What the exercise asks: All of the data is to be repeated verbatim.

[Records from a collection]
# # #

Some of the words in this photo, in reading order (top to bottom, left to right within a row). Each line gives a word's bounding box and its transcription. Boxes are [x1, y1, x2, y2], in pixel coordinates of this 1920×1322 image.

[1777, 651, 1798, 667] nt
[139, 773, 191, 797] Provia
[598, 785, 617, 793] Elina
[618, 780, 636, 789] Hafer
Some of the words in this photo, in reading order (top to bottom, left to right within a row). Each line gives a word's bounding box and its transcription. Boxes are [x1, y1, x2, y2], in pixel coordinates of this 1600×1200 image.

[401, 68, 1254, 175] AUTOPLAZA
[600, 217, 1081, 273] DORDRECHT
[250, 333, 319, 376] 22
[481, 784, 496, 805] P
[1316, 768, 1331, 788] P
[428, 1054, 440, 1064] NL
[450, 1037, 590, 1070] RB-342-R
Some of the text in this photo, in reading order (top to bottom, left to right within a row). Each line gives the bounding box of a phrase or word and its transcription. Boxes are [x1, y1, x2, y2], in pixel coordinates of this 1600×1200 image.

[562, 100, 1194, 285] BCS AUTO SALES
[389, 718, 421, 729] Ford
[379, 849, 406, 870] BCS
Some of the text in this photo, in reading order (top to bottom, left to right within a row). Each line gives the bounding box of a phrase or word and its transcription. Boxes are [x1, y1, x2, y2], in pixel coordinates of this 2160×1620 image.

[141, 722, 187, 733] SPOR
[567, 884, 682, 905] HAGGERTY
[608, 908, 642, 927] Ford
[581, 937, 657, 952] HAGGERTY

# # #

Solution below:
Some of the words in this photo, in reading order (top to bottom, left to right within a row). Each line gives a word's bounding box and its transcription. Boxes are [x1, y1, x2, y2], in pixel coordinates of this 1920×1322 image.

[1777, 651, 1798, 667] nt
[139, 773, 191, 797] Provia
[598, 785, 617, 793] Elina
[618, 780, 636, 789] Hafer
Some of the words in this photo, in reading order (top to bottom, left to right within a row). Each line gives a word's bounding box and its transcription. Boxes are [x1, y1, x2, y2], in pixel coordinates of this 1600×1200 image.

[401, 68, 1254, 175] AUTOPLAZA
[600, 217, 1081, 273] DORDRECHT
[250, 333, 319, 376] 22
[481, 784, 496, 805] P
[1316, 768, 1331, 788] P
[428, 1054, 440, 1064] NL
[450, 1037, 590, 1070] RB-342-R
Some of the text in this photo, in reading order (top to bottom, left to right within a row). Each line gives the bounding box of a phrase or word and its transcription. Boxes are [x1, y1, x2, y2], in pixel coordinates of this 1600×1200 image.

[562, 100, 1194, 285] BCS AUTO SALES
[389, 718, 421, 729] Ford
[379, 849, 406, 870] BCS
Some of the text in this photo, in reading order (top to bottom, left to right within a row). Each line gives the bounding box of a phrase or word and its transcription. Boxes are [x1, y1, x2, y2], in pixel coordinates of this 2160×1620 image.

[141, 722, 187, 733] SPOR
[567, 884, 682, 905] HAGGERTY
[608, 908, 642, 927] Ford
[581, 937, 657, 952] HAGGERTY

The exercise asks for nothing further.